_Activity_: What you return must be the data below, word for word, without any images.

Items from a dataset
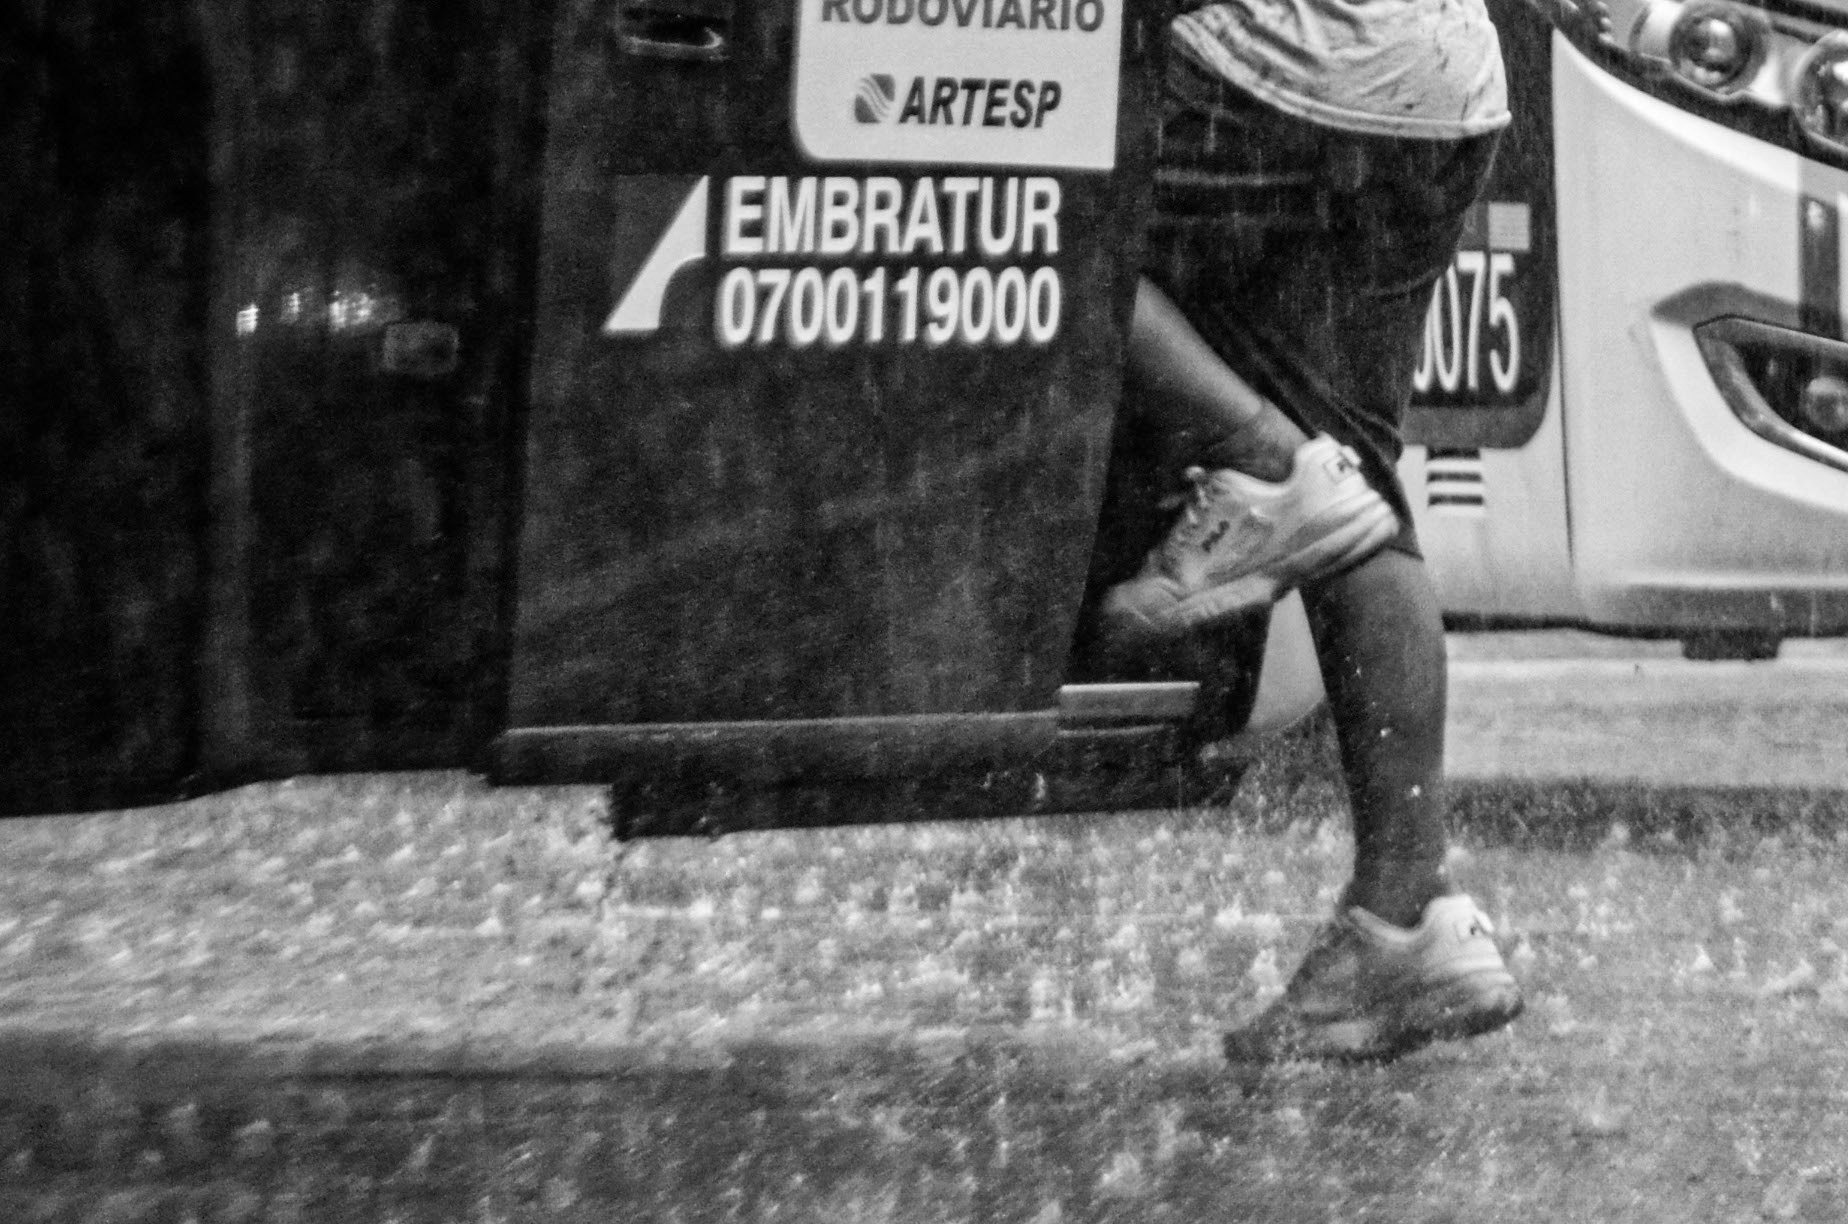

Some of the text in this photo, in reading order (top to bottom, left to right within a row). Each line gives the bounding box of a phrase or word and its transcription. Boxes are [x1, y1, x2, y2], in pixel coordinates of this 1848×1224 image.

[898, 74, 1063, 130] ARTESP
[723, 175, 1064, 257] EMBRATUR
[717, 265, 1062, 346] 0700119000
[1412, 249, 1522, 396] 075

_Response area_:
Some of the text in this photo, in reading order (top to bottom, left to right within a row). Each line gives the bounding box of a phrase or word and its transcription. Boxes are [x1, y1, x2, y2], in pixel coordinates of this 1848×1224 image.

[898, 74, 1063, 130] ARTESP
[723, 175, 1064, 257] EMBRATUR
[717, 265, 1062, 346] 0700119000
[1412, 249, 1522, 396] 075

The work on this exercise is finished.